Thank you for such a quick response to my query, and thank you for the citation to Li and Durbin and to the 1000 genomes project.

I am saying this is my understanding of the published literature and the relevant publically-available databases.
I had assumed that was the case as this is what one expects from a scientist. This is of course, why, as a fellow scientist, I am asking you - I hope courteously and professionally - to point me to the exact papers in the published literature, and to actual analyses of the public databases that support the claims you are making in Adam and the Genome.
Li and Durban would be one paper relevant here
Thank you. As you know, this is the paper that presents the PSMC method. In my email to you and my blog I have explained why I do not think that the PSMC method is able to detect a short sharp population bottleneck. I assume that you are going to respond to my comments on PSMC in Part II of your response, so I will not press you further on this issue now.

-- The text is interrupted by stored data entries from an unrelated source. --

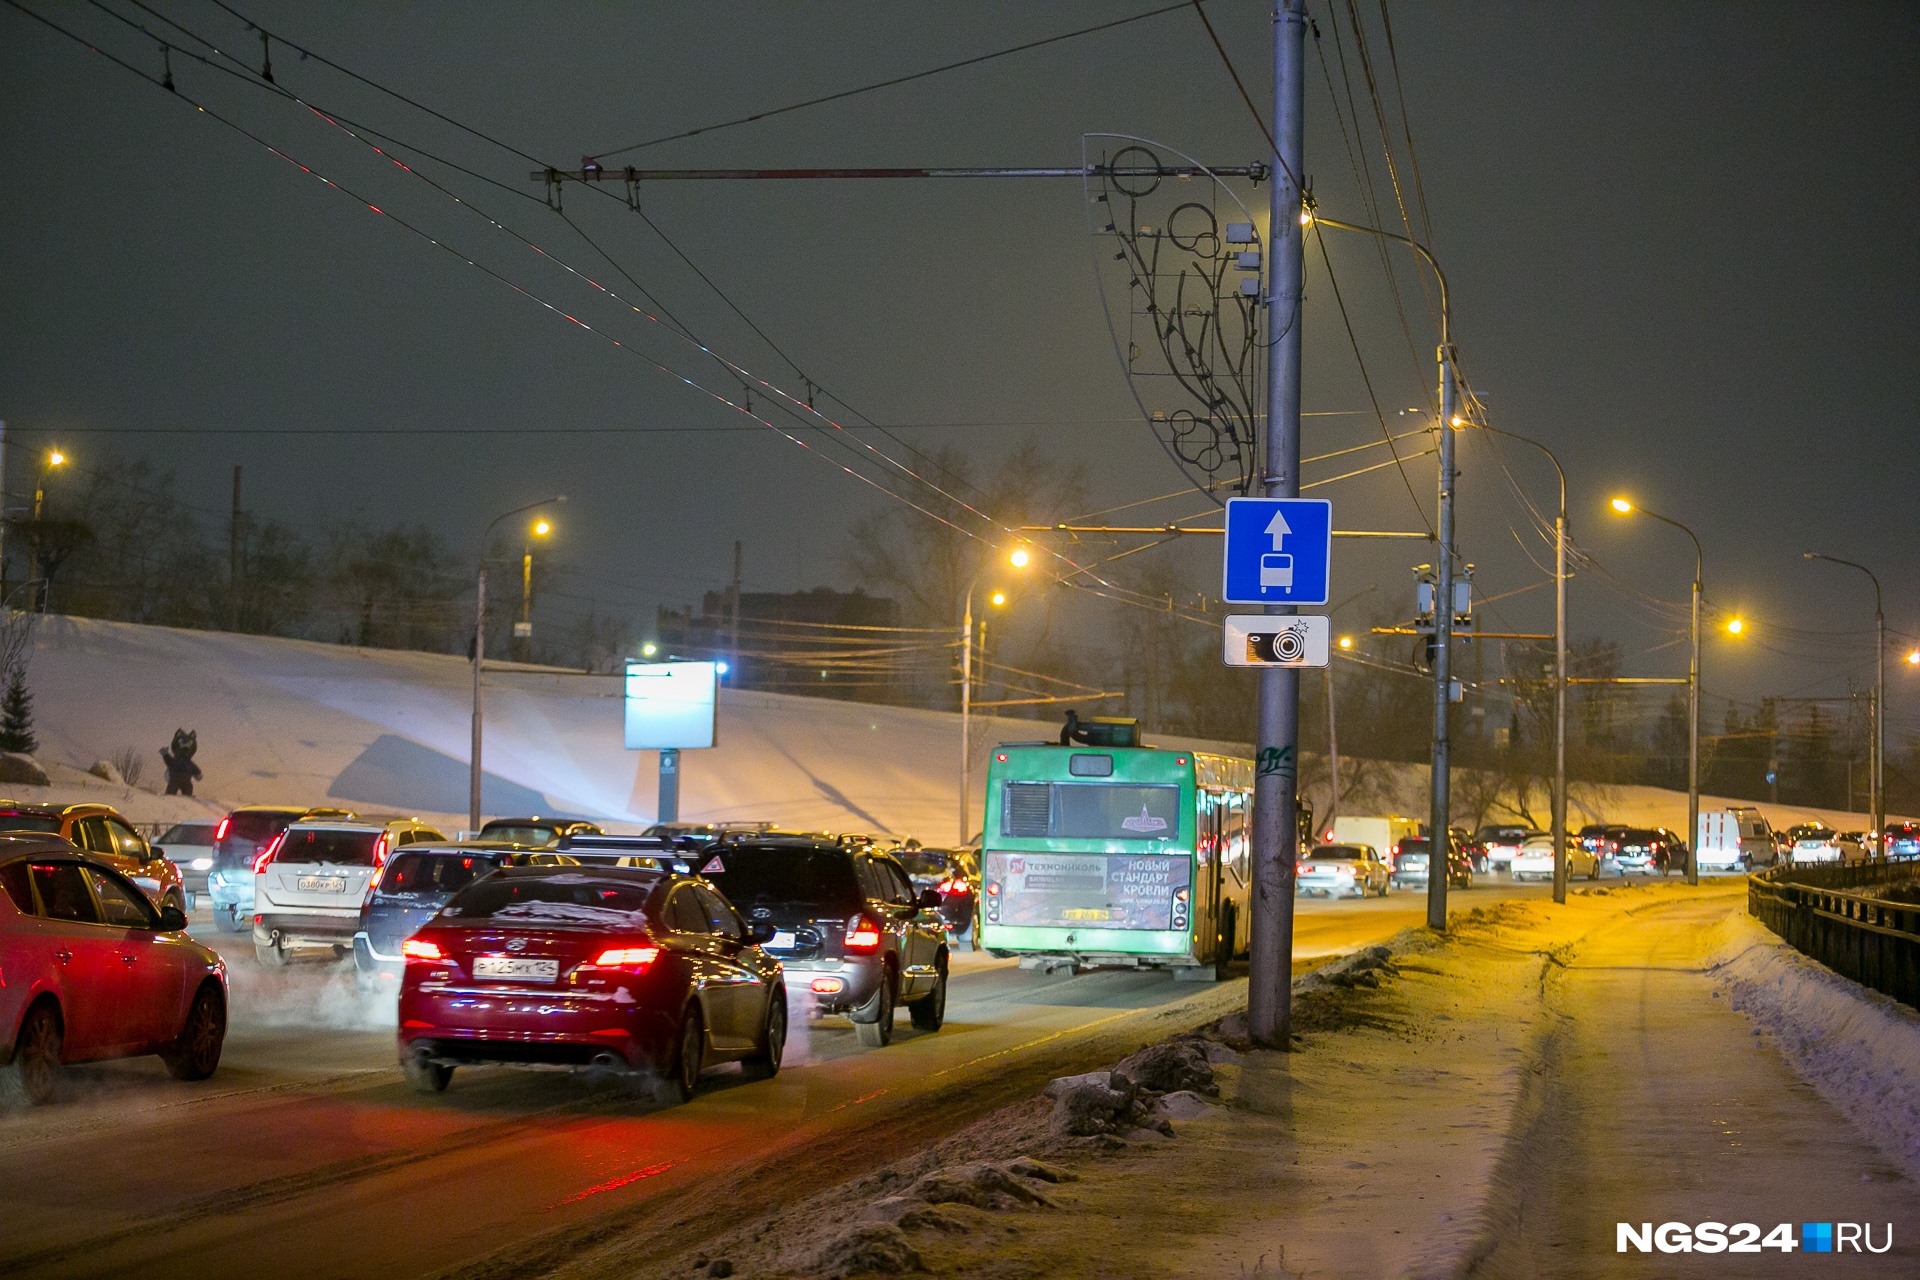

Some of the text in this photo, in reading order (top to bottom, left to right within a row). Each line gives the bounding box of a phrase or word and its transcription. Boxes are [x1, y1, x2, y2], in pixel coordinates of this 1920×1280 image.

[1128, 859, 1170, 871] НОВЫЙ
[1112, 872, 1169, 884] СТАНДАРТ
[1123, 884, 1169, 896] КРОВЛИ
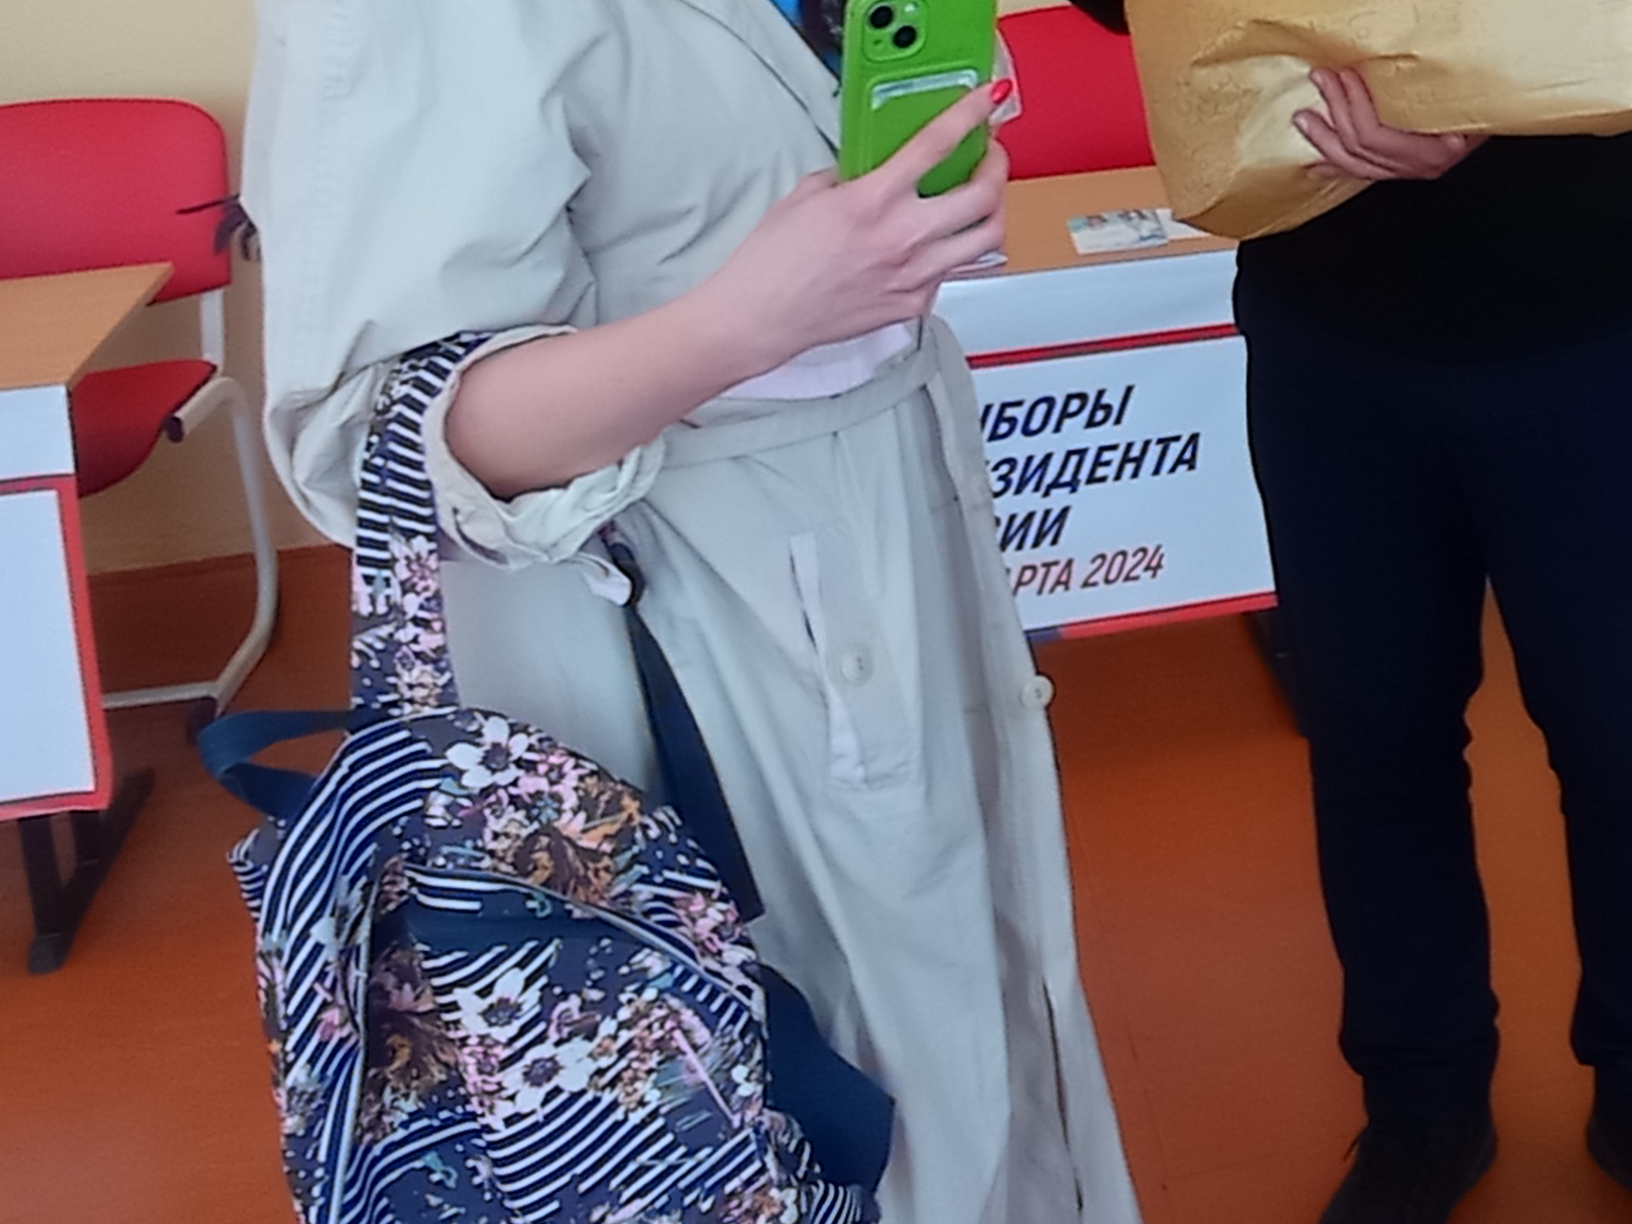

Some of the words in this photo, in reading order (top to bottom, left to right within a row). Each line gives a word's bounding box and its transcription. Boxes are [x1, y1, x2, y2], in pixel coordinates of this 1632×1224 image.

[985, 432, 1202, 499] ЗИДЕНТА
[1005, 557, 1075, 597] РТА
[1080, 543, 1166, 590] 2024

moreover the 1,000 genomes consortium papers, papers that estimate the present-day human mutation rate, and so on. For example A global reference for human genetic variation
I can see how the 1,000 genomes project can provide the raw data for an analysis such as the one I am asking you for clarification on - the one that you mention in the passage from your book that I quoted in my previous post (above).

However, as far as I can see, the 1,000 genomes paper does not do the calculations that you report in that passage. Unless I am missing something, the authors do not report a calculation of ancestral population sizes from the number of alleles found in present day populations. They do present several PSMC analyses (which are based on runs of heterozygosity within genomes) but they do not seem to present the calculation that you mention in the passage I quoted from Adam and the Genome. Is there another paper in which they conduct the calculations that you are telling your readers about? As I say, I am very keen to know what genes were used in these calculations and how they generated an ancestral population size of 10,000.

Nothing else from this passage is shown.